▸ THE RECORDS

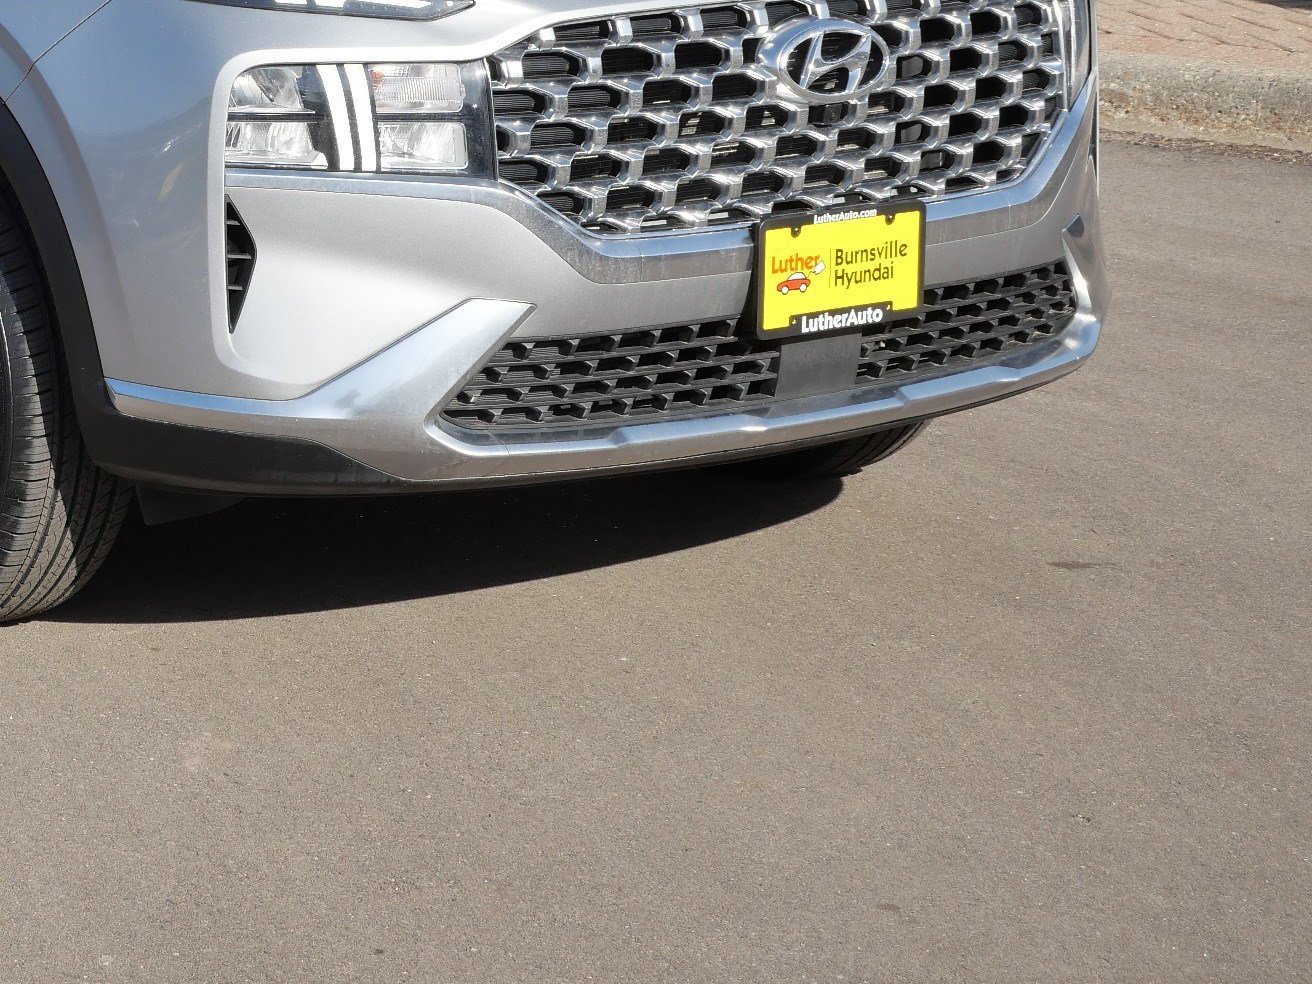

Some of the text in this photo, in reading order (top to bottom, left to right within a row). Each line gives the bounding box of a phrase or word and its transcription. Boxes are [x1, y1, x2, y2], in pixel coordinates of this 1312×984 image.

[813, 209, 877, 224] LutherAuto.com
[771, 253, 821, 274] Luther
[835, 240, 908, 266] Burnsville
[835, 262, 894, 289] Hyundai
[802, 307, 883, 333] LutherAuto
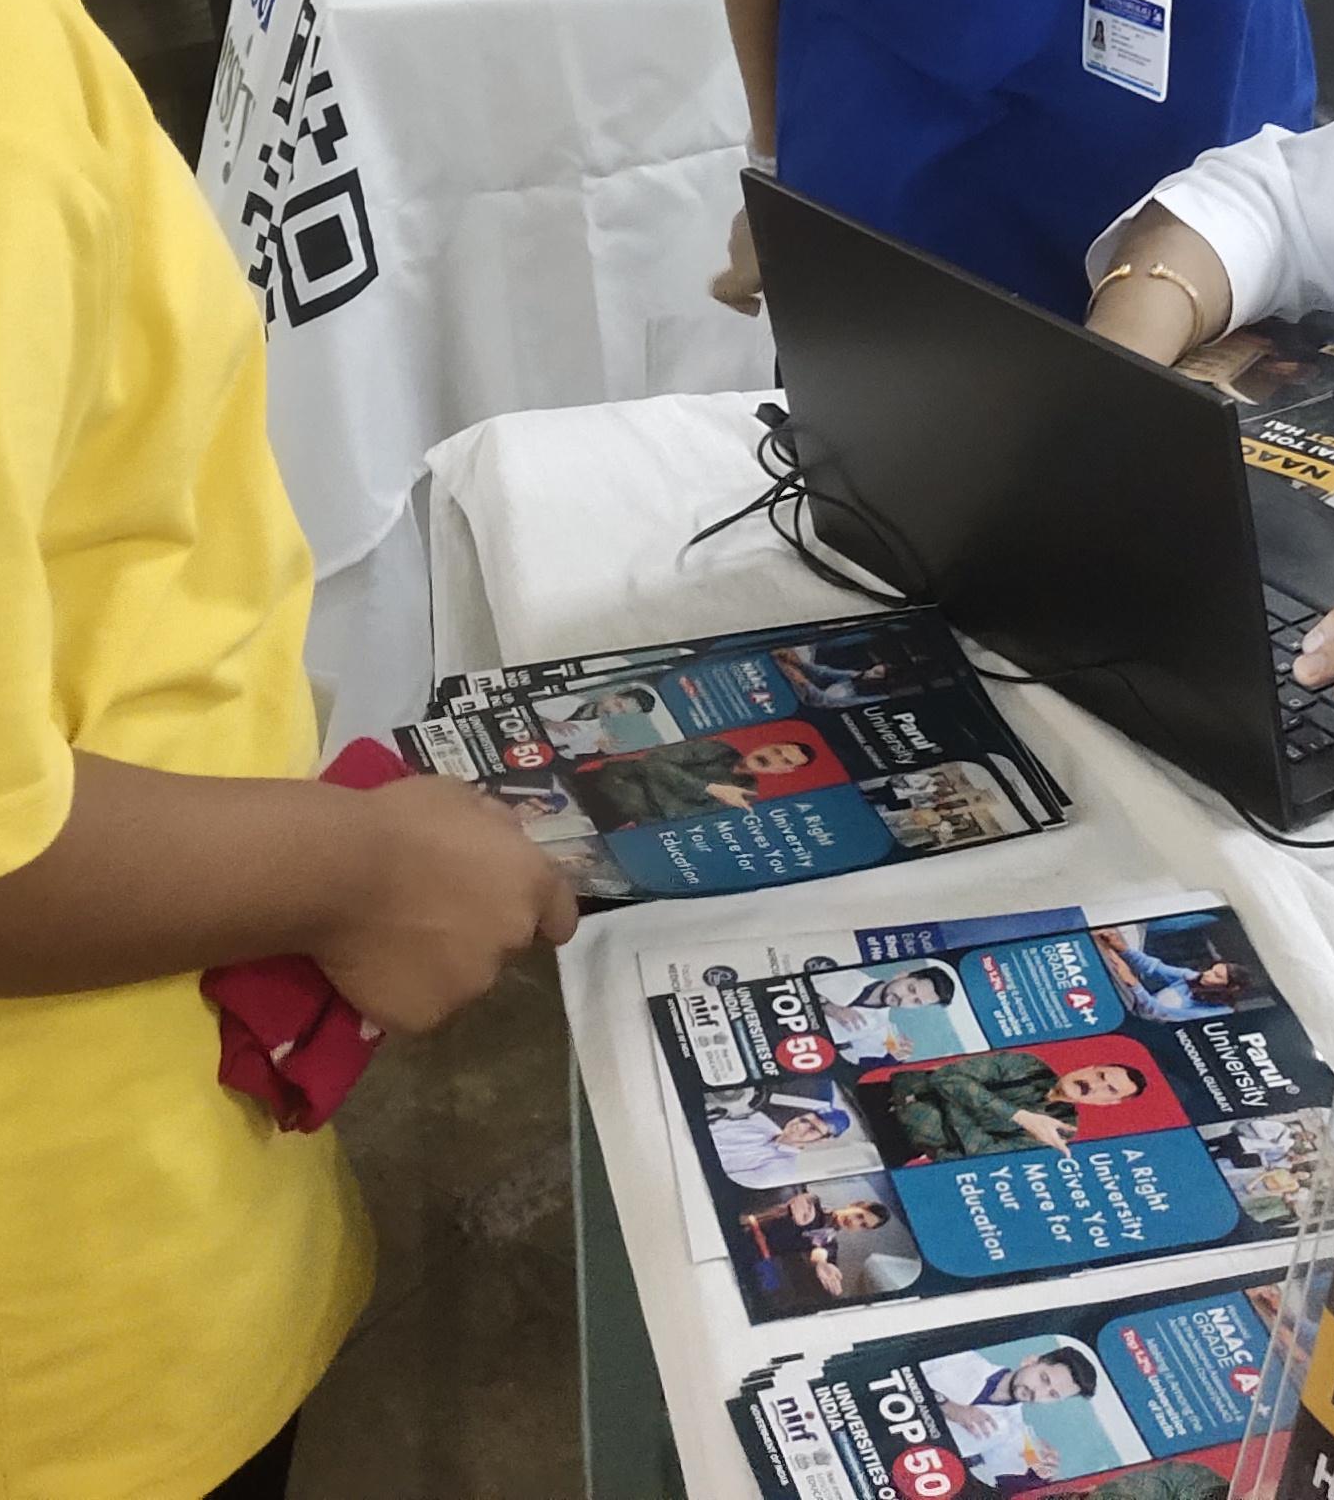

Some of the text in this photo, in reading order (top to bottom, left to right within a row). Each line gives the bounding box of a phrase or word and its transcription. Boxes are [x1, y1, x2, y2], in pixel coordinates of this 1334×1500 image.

[1259, 431, 1305, 450] TOH
[1264, 420, 1306, 437] HAI
[494, 706, 531, 742] TOP
[863, 705, 909, 765] University
[893, 711, 935, 752] Parul
[512, 743, 544, 768] 50
[685, 824, 713, 853] Your
[715, 820, 756, 872] More for
[742, 814, 788, 875] Gives You
[769, 808, 815, 868] University
[794, 802, 835, 847] A Right
[658, 830, 700, 885] Education
[1040, 944, 1071, 989] GRADE
[1054, 941, 1088, 987] NAAC
[688, 992, 724, 1029] nirf
[720, 988, 742, 1020] INDIA
[763, 979, 824, 1071] TOP 50
[1067, 990, 1102, 1026] A++
[734, 986, 773, 1060] UNIVERSITIES
[760, 1060, 780, 1077] OF
[1202, 1022, 1270, 1107] University
[1238, 1032, 1292, 1089] Parul
[1203, 1076, 1234, 1113] GUJARAT
[989, 1165, 1020, 1211] Your
[1023, 1163, 1072, 1243] More for
[1057, 1157, 1111, 1248] Gives You
[1089, 1153, 1145, 1241] University
[1122, 1149, 1170, 1212] A Right
[956, 1172, 1005, 1261] Education
[1192, 1311, 1236, 1369] GRADE
[1206, 1307, 1254, 1364] NAAC
[777, 1396, 819, 1442] nirf
[813, 1386, 845, 1431] INDIA
[831, 1381, 889, 1486] UNIVERSITIES
[869, 1369, 951, 1497] TOP 50
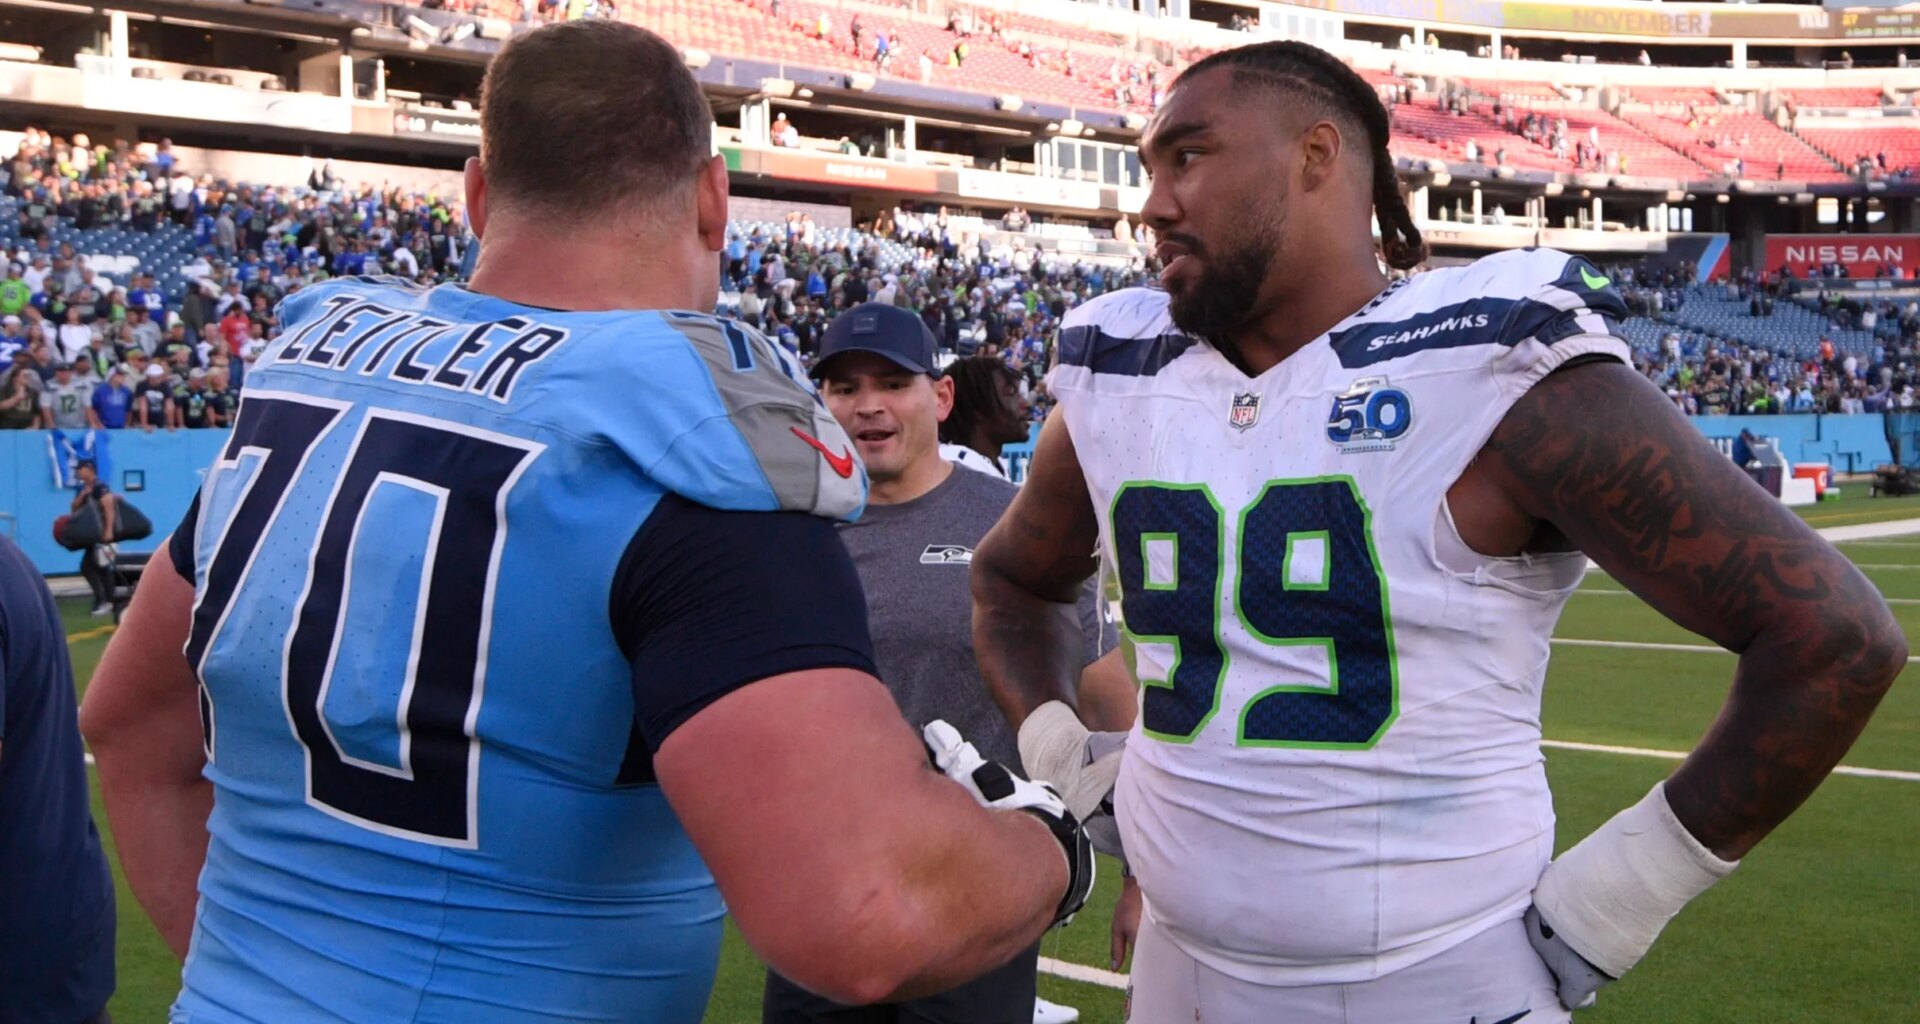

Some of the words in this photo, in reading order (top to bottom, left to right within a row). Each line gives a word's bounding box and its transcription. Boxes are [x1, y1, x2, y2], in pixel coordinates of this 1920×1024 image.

[1572, 9, 1703, 34] NOVEMBER
[1785, 245, 1903, 262] NISSAN
[272, 293, 571, 405] ZEITLER
[1366, 314, 1489, 352] SEAHAWKS
[1232, 406, 1253, 424] NFL
[1327, 389, 1411, 442] 50
[182, 388, 548, 850] 70
[1109, 474, 1399, 751] 99
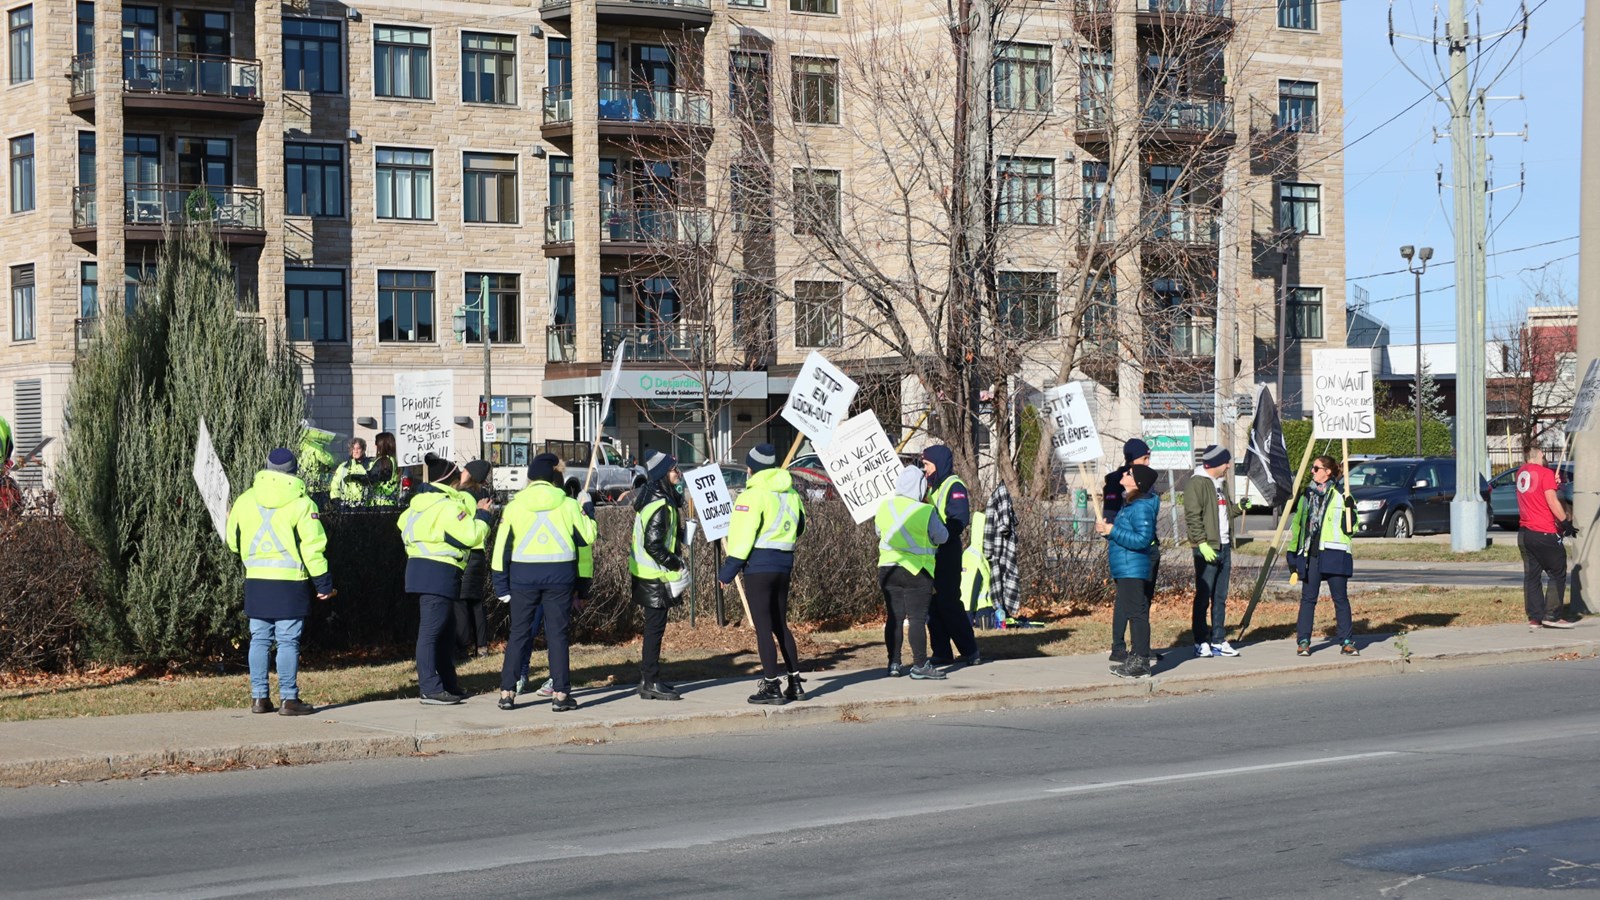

▸ AIM OF THE EXERCISE
Apart from the pictures, write every entry out again exactly.

▸ ANSWER TO THIS PROBLEM
Some of the text in this photo, in reading order (top to bottom, left to right within a row). Each line gives the bounding box of a phrase or word and its transcription. Boxes are [x1, y1, x2, y2], in pixel coordinates of this 1312×984 image.

[813, 209, 877, 224] LutherAuto.com
[771, 253, 821, 274] Luther
[835, 240, 908, 266] Burnsville
[835, 262, 894, 289] Hyundai
[802, 307, 883, 333] LutherAuto

Some of the text in this photo, in reading order (top to bottom, left to right within a row). Each line gives the bounding box of a phrase or word and its transcription. Boxes are [x1, y1, x2, y2], in pixel coordinates of this 1334×1500 image.

[1259, 431, 1305, 450] TOH
[1264, 420, 1306, 437] HAI
[494, 706, 531, 742] TOP
[863, 705, 909, 765] University
[893, 711, 935, 752] Parul
[512, 743, 544, 768] 50
[685, 824, 713, 853] Your
[715, 820, 756, 872] More for
[742, 814, 788, 875] Gives You
[769, 808, 815, 868] University
[794, 802, 835, 847] A Right
[658, 830, 700, 885] Education
[1040, 944, 1071, 989] GRADE
[1054, 941, 1088, 987] NAAC
[688, 992, 724, 1029] nirf
[720, 988, 742, 1020] INDIA
[763, 979, 824, 1071] TOP 50
[1067, 990, 1102, 1026] A++
[734, 986, 773, 1060] UNIVERSITIES
[760, 1060, 780, 1077] OF
[1202, 1022, 1270, 1107] University
[1238, 1032, 1292, 1089] Parul
[1203, 1076, 1234, 1113] GUJARAT
[989, 1165, 1020, 1211] Your
[1023, 1163, 1072, 1243] More for
[1057, 1157, 1111, 1248] Gives You
[1089, 1153, 1145, 1241] University
[1122, 1149, 1170, 1212] A Right
[956, 1172, 1005, 1261] Education
[1192, 1311, 1236, 1369] GRADE
[1206, 1307, 1254, 1364] NAAC
[777, 1396, 819, 1442] nirf
[813, 1386, 845, 1431] INDIA
[831, 1381, 889, 1486] UNIVERSITIES
[869, 1369, 951, 1497] TOP 50

Some of the words in this photo, in reading order (top to bottom, left to right within a row). Each line gives a word's bounding box and its transcription. Boxes are [x1, y1, x2, y2], in pixel coordinates of this 1920×1024 image.

[1572, 9, 1703, 34] NOVEMBER
[1785, 245, 1903, 262] NISSAN
[272, 293, 571, 405] ZEITLER
[1366, 314, 1489, 352] SEAHAWKS
[1232, 406, 1253, 424] NFL
[1327, 389, 1411, 442] 50
[182, 388, 548, 850] 70
[1109, 474, 1399, 751] 99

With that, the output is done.